個人事業主ではなく、株式会社や合同会社など法人を設立する際の社会保険の概略は、これまでにご説明しました。今回は個人事業から法人へ変更する際の社会保険の手続詳細と注意点を解説します。
〇ポイント
対象:事業主
時期:法人化後
〇メニュー
社会保険の適用について(健康保険厚生年金保険)
- 事業所としての新規適用手続
- 個人としての取得手続
適用前の健康保険の喪失手続
法人設立後、適用手続をしないとどうなるか
社会保険の適用について(健康保険厚生年金保険)
社会保険(健康保険・厚生年金)に加入が義務付けられているのは以下の事業所です。
(1)法人事業所で常時従業員(事業主のみの場合を含む)を使用するもの
(2)常時5人以上の従業員が働いている事務所、工場、商店等の個人事業所
株式会社や合同会社は法人事業所です。よって法務局で登記を終え次第、社会保険加入の手続を行います。
事業所としての新規適用
事業所として新しく登録します。
提出期限:事実発生から5日以内
提出場所:事業所を管轄する年金事務所または事務センター
提出書類:健康保険・厚生年金保険 新規適用届
添付資料:
1.法人(商業)登記簿謄本(90日以内に発行された原本)
2・法人番号指定通知書等のコピーまたは「国税庁法人番号公表サイト」で確認した当該法人情報を印刷したもの
3.法人事業所の所在地が登記上の所在地と異なる場合は、「賃貸借契約書のコピー」など
新規適用届は健康保険と厚生年金がセットになっており、法人化して間もない事業所は、協会けんぽと厚生年金保険に加入します。

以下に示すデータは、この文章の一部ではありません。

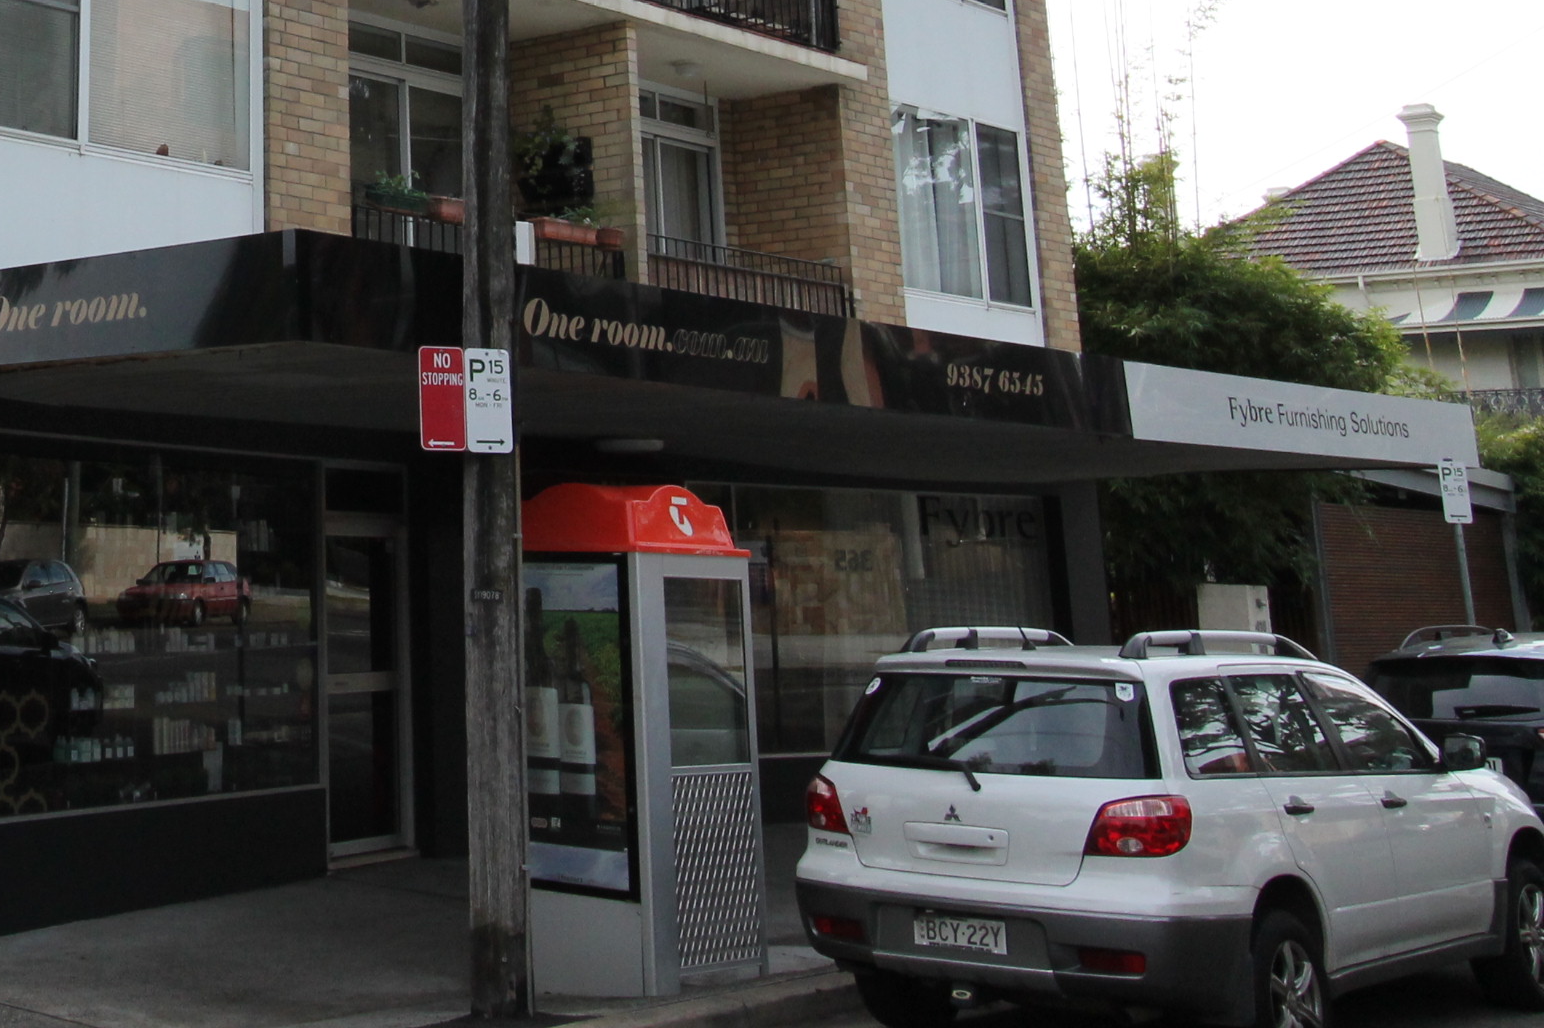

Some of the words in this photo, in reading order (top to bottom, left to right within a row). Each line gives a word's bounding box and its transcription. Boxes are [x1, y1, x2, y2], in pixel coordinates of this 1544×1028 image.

[51, 292, 147, 327] room.
[523, 297, 585, 341] One
[433, 352, 451, 369] NO
[421, 372, 463, 386] STOPPING
[946, 363, 994, 394] 9387
[998, 369, 1044, 396] 6545
[1227, 396, 1274, 427] Fybre
[1277, 403, 1347, 437] Furnishing
[1349, 411, 1410, 439] Solutions
[918, 496, 1039, 548] Fybre

提出期限は暦で5日以内ですが、実務上は登記簿謄本の入手に日数が掛かります。他の資料を揃え、登記簿が届き次第手続をしましょう。
標準報酬月額×保険料率が毎月支払う保険料です。健保は都道府県ごとに保険料が異なります。トータルでおおよそ総支給額の3割程度になりますが、本人と事業所が保険料を折半負担します。毎月20日頃に事業所に前月分の保険料の通知書が届き、月末に支払をします。
また新規適用手続が遅れても、加入日は法人の設立日(登記日)に遡ります。遅延理由書の提出が必要なケースもあり、保険料も遡及支払です。早めの手続を心がけましょう。
新規適用の手続 | 日本年金機構
標準報酬月額は、いつどのように決まるのですか | 日本年金機構
個人としての取得手続
登録した事業所に勤める被保険者として登録をします。
提出期限:事実発生から5日以内
提出場所:事業所を管轄する年金事務所または事務センター
提出書類:健康保険・厚生年金保険被保険者資格取得届/厚生年金保険70歳以上被用者該当届
70歳以上は健康保険のみに加入します。75歳以上は健保年金共に入りませんが、年金の支給調整があるため、届け出が必要です。

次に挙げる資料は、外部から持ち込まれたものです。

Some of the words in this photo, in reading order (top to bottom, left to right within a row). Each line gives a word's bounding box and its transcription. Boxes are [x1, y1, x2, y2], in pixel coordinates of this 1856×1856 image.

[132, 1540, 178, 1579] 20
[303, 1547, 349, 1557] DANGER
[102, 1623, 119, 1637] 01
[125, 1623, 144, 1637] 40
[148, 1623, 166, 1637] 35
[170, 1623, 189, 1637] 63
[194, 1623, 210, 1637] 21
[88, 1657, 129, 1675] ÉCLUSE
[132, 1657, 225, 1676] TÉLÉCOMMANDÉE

この資格取得届には、基礎年金番号またはマイナンバーの記入をします。
3親等内で年間収入が130万未満(60歳以上か障害者のときは180万未満)の被扶養者がいるときは、健康保険被扶養者異動届の提出も行います。60歳未満の配偶者を社会保険扶養とする場合は、「国民年金第三号被保険者種別変更届」も併せて出しましょう。なお、扶養の手続の際は、戸籍謄本や住民票など被保険者との続柄確認のための書類と続柄確認のための書類が必要です。届け出の前に年金事務所のホームページを確認しておきましょう。
従業員が家族を扶養にするときの手続| | 日本年金機構
適用前の健康保険の喪失手続
新規加入手続を終えると、以前の保険証は不要です。これは自動的に資格喪失されません。必ず自分で資格喪失の手続を行いましょう。その際は新しい保険証(コピー可)を添えて手続を進めます。
もし以前の健保が国民健康保険のときは、保険料の清算が必要になります。市町村窓口で行います。返却するまで以前の保険証は絶対に使わないように注意してください。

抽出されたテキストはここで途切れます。